Par Amjad Iraqi
Pourquoi lancer une incursion dévastatrice [dans le camp de réfugié·e·s de Jénine le 26 janvier], ciblant des activistes mais blessant d’innombrables civils, alors qu’il est prouvé que cette méthode exacerbe la violence au lieu de la contenir? A quoi bon menacer les assaillants de démolir leurs maisons lorsque des milliers d’innocents, y compris les propres familles et voisins des assaillants, sont également menacés du même sort? Pourquoi mettre des armes entre les mains de plus de civils alors qu’il y a déjà un résident, un soldat, un policier ou un agent de sécurité armé dans chaque rue?
La plupart des Israéliens n’ont pas pris la peine de se poser ces questions lorsque l’armée a effectué un raid sur le camp de réfugiés de Jénine jeudi matin, tuant 10 personnes et causant des destructions massives. Ils n’ont certainement pas voulu se poser ces questions le lendemain, lorsqu’un jeune Palestinien a abattu sept Israéliens dans la colonie de Neve Ya’akov à Jérusalem-Est, ou lorsqu’un jeune Palestinien de 13 ans a ensuite abattu et blessé deux colons israéliens dans le quartier de Silwan [à Jérusalem-Est occupée]. Et ils ont à peine soulevé ces questions lorsque, comme d’habitude, le Premier ministre Benyamin Netanyahou a annoncé les mesures habituelles du gouvernement pour «dissuader» de nouvelles attaques, qu’il s’agisse de punir les membres de la famille des assaillants, d’approuver davantage de permis de port d’armes ou de construire de nouvelles unités de peuplement [de colonies].

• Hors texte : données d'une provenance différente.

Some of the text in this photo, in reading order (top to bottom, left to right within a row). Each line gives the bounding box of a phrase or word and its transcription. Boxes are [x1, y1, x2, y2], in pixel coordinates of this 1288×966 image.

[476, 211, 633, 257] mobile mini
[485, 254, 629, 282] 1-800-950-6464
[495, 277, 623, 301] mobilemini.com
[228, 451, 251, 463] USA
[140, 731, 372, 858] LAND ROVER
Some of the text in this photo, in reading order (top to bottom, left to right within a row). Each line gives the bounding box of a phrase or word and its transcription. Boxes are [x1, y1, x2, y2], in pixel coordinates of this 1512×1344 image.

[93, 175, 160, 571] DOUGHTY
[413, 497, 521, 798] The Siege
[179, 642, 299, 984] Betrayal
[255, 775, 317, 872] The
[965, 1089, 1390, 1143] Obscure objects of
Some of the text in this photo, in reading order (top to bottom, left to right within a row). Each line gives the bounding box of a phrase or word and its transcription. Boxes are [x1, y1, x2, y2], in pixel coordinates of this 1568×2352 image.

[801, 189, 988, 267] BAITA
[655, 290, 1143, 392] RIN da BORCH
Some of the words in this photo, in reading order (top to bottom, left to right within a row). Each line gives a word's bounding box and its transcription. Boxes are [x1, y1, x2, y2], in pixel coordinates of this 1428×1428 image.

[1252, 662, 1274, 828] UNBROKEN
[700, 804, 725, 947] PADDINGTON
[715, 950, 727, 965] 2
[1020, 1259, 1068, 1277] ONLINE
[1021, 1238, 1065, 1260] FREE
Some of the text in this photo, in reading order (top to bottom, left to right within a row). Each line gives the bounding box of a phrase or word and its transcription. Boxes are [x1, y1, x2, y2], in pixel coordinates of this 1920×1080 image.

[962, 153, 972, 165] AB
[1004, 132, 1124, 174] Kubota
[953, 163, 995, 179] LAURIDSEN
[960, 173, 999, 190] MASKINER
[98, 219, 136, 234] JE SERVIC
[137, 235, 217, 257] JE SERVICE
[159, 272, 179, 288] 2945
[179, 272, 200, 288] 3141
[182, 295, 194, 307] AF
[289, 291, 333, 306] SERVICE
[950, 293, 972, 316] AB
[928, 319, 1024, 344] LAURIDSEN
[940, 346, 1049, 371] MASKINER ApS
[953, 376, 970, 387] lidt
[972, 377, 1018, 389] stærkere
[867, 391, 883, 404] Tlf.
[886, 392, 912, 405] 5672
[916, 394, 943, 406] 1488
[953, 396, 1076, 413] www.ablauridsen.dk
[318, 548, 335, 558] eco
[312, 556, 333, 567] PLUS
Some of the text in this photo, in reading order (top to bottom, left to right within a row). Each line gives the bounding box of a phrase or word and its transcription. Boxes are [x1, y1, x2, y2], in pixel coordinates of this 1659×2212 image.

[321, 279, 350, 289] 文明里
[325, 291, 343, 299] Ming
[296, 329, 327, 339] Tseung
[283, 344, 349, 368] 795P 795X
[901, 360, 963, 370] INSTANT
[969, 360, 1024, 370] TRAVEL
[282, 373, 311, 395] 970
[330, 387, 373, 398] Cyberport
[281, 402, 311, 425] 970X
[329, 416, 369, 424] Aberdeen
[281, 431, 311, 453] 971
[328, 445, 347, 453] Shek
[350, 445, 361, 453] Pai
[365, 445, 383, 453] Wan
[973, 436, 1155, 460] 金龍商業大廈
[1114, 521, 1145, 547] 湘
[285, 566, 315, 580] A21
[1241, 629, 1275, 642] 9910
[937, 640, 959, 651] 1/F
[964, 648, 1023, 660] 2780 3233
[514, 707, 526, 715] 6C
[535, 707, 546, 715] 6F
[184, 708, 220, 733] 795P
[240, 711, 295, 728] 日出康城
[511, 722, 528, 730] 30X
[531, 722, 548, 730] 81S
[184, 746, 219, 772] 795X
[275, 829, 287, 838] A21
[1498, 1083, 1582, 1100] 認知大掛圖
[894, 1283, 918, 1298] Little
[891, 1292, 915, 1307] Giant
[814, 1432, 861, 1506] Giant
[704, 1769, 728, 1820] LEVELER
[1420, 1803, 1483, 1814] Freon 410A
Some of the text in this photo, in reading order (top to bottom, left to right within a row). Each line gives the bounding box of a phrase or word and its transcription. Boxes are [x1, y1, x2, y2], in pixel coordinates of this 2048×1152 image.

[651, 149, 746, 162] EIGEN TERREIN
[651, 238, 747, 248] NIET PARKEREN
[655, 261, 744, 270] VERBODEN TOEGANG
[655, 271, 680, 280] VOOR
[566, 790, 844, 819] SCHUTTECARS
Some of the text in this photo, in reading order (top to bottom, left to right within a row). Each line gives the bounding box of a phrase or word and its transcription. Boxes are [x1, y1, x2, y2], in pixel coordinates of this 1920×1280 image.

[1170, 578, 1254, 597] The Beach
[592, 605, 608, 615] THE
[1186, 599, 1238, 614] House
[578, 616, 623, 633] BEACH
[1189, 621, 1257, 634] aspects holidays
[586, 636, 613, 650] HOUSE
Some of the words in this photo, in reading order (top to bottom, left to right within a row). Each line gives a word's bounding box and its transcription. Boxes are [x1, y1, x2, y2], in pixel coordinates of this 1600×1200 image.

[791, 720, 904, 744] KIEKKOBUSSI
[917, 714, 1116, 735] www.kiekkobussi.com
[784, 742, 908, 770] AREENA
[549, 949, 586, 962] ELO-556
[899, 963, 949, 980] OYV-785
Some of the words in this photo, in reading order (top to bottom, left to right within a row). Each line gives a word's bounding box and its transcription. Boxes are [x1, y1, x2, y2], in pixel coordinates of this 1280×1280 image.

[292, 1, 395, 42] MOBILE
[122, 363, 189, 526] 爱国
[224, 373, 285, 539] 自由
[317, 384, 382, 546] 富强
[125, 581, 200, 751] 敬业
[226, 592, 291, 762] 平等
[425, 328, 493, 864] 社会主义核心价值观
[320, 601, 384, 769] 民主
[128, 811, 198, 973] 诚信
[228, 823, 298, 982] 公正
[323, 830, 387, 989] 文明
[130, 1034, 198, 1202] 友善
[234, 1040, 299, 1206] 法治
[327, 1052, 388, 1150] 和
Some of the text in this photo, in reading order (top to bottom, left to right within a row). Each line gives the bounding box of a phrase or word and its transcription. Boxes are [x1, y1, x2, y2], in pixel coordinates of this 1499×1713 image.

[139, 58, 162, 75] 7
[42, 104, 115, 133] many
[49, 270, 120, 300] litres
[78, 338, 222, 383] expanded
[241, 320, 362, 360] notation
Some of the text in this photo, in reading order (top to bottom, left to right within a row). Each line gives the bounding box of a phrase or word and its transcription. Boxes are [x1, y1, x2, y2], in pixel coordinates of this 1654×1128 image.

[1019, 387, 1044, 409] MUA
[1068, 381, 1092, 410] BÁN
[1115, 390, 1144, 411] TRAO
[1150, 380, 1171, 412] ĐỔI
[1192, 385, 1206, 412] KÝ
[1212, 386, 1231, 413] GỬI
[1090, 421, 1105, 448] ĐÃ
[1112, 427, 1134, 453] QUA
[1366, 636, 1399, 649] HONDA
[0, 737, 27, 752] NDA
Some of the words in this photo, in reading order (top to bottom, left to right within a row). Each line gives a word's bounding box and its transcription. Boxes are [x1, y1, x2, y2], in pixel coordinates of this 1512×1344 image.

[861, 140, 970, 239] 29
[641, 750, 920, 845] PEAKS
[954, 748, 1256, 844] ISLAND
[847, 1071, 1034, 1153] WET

Pour de nombreux Israéliens, il est préférable d’éviter de telles réflexions portant sur les réponses habituelles de leurs dirigeants, cela afin de préserver une vision du monde simple et rigide: les Palestiniens nous détestent sans raison, ils nous attaquent sans raison, et nous n’avons donc pas d’autre choix que de les écraser. Les Israéliens plus critiques peuvent au contraire se lamenter sur l’aphorisme usé d’un «cycle de la violence», cherchant à établir une certaine parité morale de responsabilité et de nuisances entre les deux parties.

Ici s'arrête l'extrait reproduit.